Tom could understand that reasoning. If you could double or triple your numbers every generation then a starting group of a hundred like his could have ended up having nearly a thousand people by now. Having ranking points be generated by ten times the number of people could only be a good thing, so he could definitely see why a group could have made that decision.
That is, if most of those born survived. In practice, he knew from his own experiences that Existentia was too harsher mistress to allow that. A lot of men and women, he realised, would have been reincarnated into a child as part of a nomadic tribe. He shuddered, thinking of the difference between the challenges that they must have faced versus the situation he was in, with his dedicated training rooms complete with encyclopedias’ worth of knowledge.
Tom tore himself away from his own thoughts and continued his research.
In those early days, there had been so little coordination between the disparate groups of humans that the risk of assassins finding the humans had been low. It still occurred, but as the years passed, humanity had migrated into set areas where they could help each other as needed. That, and the beginning of established settlements, had ramped up the frequency of targeted strikes.

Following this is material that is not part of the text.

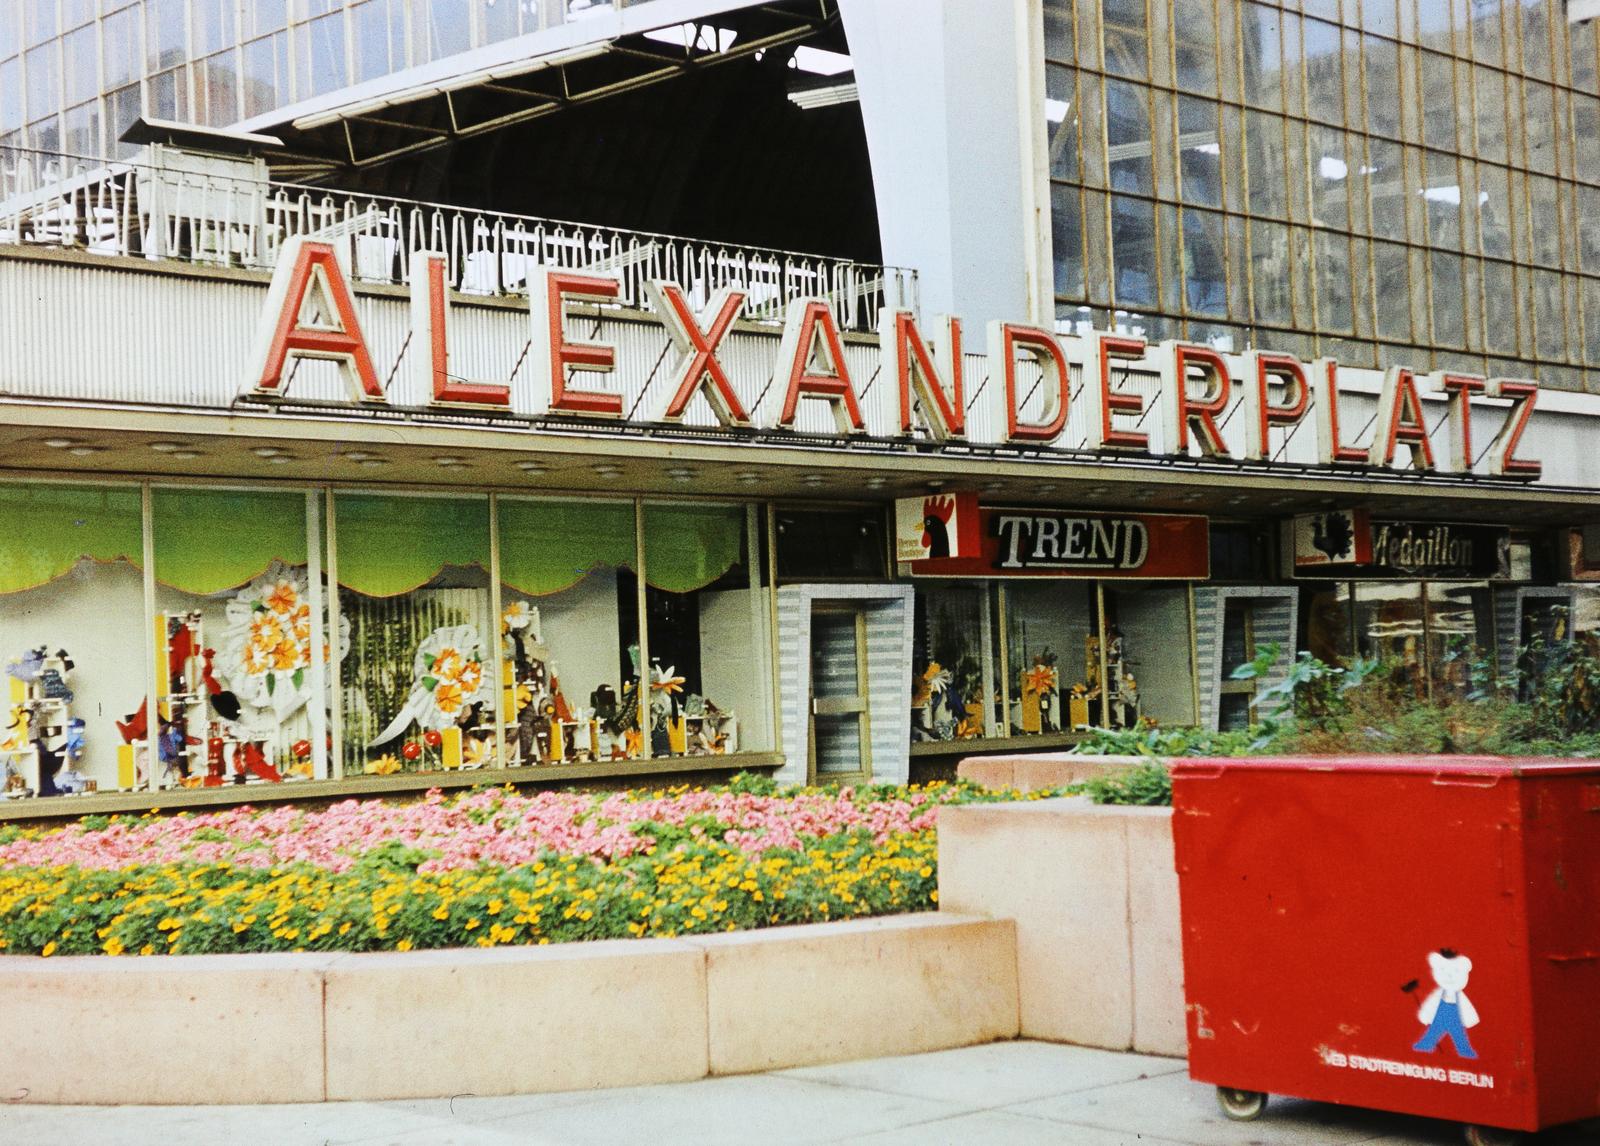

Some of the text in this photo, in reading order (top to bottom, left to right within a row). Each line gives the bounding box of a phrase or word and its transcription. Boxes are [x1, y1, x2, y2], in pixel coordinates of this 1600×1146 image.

[240, 235, 1541, 480] ALEXANDERPLATZ
[998, 515, 1149, 569] TREND
[1374, 525, 1473, 566] Medaillon
[1323, 1050, 1494, 1089] VEB STADTREINIGUNG BERLIN

Then the massacre of the woolanda had begun. Forty kids had been executed. He read the chronological events in growing horror.
The moment he finished the section, Tom pushed the book aside and leapt to his feet. His mind was spinning at those words. The circumstances had been described, but it was the result that horrified him. To handle his emotions, he focused on actions and rearranged the spears to create a small tent. Even though the process was hampered by his uncoordinated body, it only took a couple of minutes to make. But that was with his adult mind driving the action. Tom was confident that anything that examined this room once he left would assume that he spent most of the two-hour session constructing it.
Yet, as he worked, his mind thought about what he had learned.
The assassin had been a native powerhouse with a rank of a hundred and ten. That, apparently was more than twice as much as any human in the camp. Combined with his class skills, fighting him was impossible, because what could you conceivably do against someone who was twice as strong, twice as fast, and twice as durable as you? They couldn’t fight something that powerful; besides, initially it didn’t reveal why it was there.
Then it killed the first child, and the five champions of the group had fought back. Five against one, they had thought they had a chance but the benefit of the higher-levelled skills and spells at the native’s disposal made all the difference. Skills grown for centuries were far more potent than ones worked on for only decades, and even if the humans had higher-tiered abilities, they couldn’t cross the attribute and experience gap.
The champions had been slaughtered. The native had then gathered up all the children and demanded the reincarnated person reveal themselves. It had promised to spare everyone else once the reincarnated ones were all killed.
There had been no volunteers. Then It started killing. It executed one child, re-cast the spell and then kept going. Another wave of parents had launched a counterattack when they saw their loved ones dying. This time more than forty adults participated, but the attribute gap between them and the native was even larger than what the champions had faced. They all died, and the assassin had ignored the survivors and returned to his task. It killed children one by one as it searched for what it was after.
In the end, over a third of the tribe and all but two children had been slaughtered. It was a mystery to the author as to why the reincarnated ones did not reveal themselves earlier.
Tom clenched his fists as he remembered that. Such cowardice, to refuse to volunteer - and it had achieved nothing! The tent was finished, and he looked back at the book.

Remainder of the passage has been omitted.